La duda hiperbólica de la que se habla resulta, justamente, en el momento que Descartes


inserta al genio maligno. Para él, incluso conocimientos como las matemáticas, aunque
parezcan claros y distintos a la luz de la razón, pueden resultar erróneos. Si la actividad
de nuestra imaginación se reprodujera un genio maligno que hace que nosotros creamos
que los conocimientos que nos provee, por ejemplo, las matemáticas fuesen
verdaderos- cuando no lo son-, ¿cómo haríamos nosotros para confiar en la razón si
estamos expuestos a que un genio maligno nos engañe? Descartes, abandona esta tesis y
afirma que, al existir un Dios que es todo bondadoso, de ningún modo podemos ser
engañados nosotros por esta facultad privilegiada.

Entre estas ideas innatas, hay dos que son esenciales para el sistema cartesiano: la
causalidad y la substancia. El primero, es aquel por el cual Descartes demuestra la
existencia de Dios. Para el filósofo es imposible que de la nada surja algo; más bien, es
partidario de que algo surge de algo. De tal modo, que todas aquellas ideas de las
cuales nos encontramos provistos, deben tener un ser formal que las produzca. De ahí
que cuando se hable de la idea de Dios tengamos que pensar, consiguientemente, en un
ser formal que tenga tanta realidad o más realidad objetiva que esa idea; y por supuesto,
el hombre no la alcanza a tener, sino, más bien Dios.

Con respecto a la sustancia, para el racionalismo es el modo de ser primario: algo que
es, o es una cosa o una propiedad de esa cosa. La substancia, etimológicamente, es
aquello que está debajo. Y precisamente a partir de su etimología se explica que es la
substancia. La cosa como tal, puede tener accidentes, sin embargo los accidentes que
tenga no hacen que aquella cosa deje de ser lo que es. Por eso, se dice con razón, que la
sustancia es aquello que hace que la cosa sea lo que es, aquello que está debajo de los
accidentes, que sirve de sostén a esos accidentes; sin embargo, a diferencia de la
contingencia de los accidentes, la substancia no puede cambiar, es siempre necesaria e
inmutable.
En el caso de los hombres, por ejemplo, si bien, pueden crecer, pueden cambiar de
ideologías, de pensamientos, ello no hace que vayan a dejar de ser hombres; son solo
accidentes, algo que le puede suceder fortuitamente a un hombre. Ahora bien, ¿qué es
aquello que hace que el hombre sea hombre para Descartes? Aquel hombre que duda,
que afirma, que siente, que niega, que juzga e imagina; en todo caso, esa cosa es un
hombre porque piensa. Si en algún momento el hombre dejara de pensar, dejaría de ser
hombre. Solo en la imposibilidad del pensamiento, se anula la sustancia, se anula la
posibilidad de designar algo como hombre. He ahí lo que está debajo de los accidentes
del hombre, lo que, con todo, da sentido al hombre: su pensamiento- su cogito-.

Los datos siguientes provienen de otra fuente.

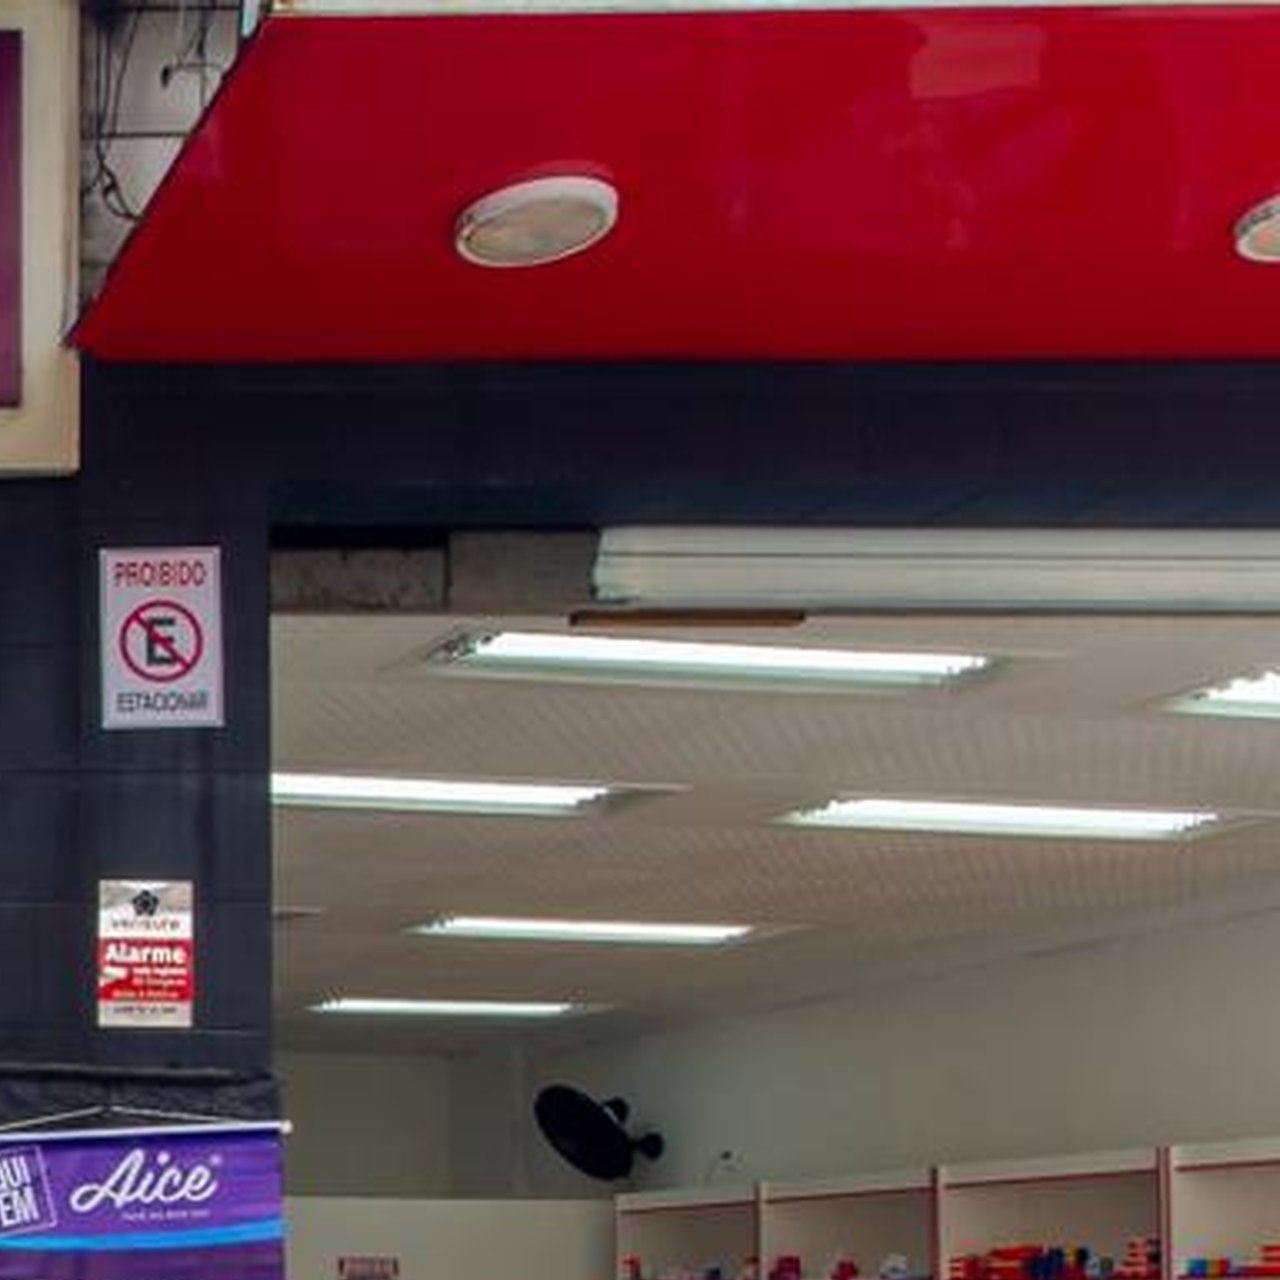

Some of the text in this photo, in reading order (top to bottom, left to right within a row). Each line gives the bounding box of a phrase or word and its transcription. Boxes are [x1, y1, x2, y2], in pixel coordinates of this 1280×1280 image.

A pesar de la convicción de Descartes al construir su sistema metafísico a partir de la


duda metódica, Carpio concluye que si un lugar ha de quedar a la metafísica es al de la
anarquía. Al parecer, la convicción de Descartes no logro convencer ni a los mismos
racionalistas, y, por supuesto, con mucha mayor razón a los empiristas. A la fecha de
Descartes, solo parecen haber para Carpio sistemas filosóficos diferentes, diferentes
disputas, pero no un único sistema filosófico.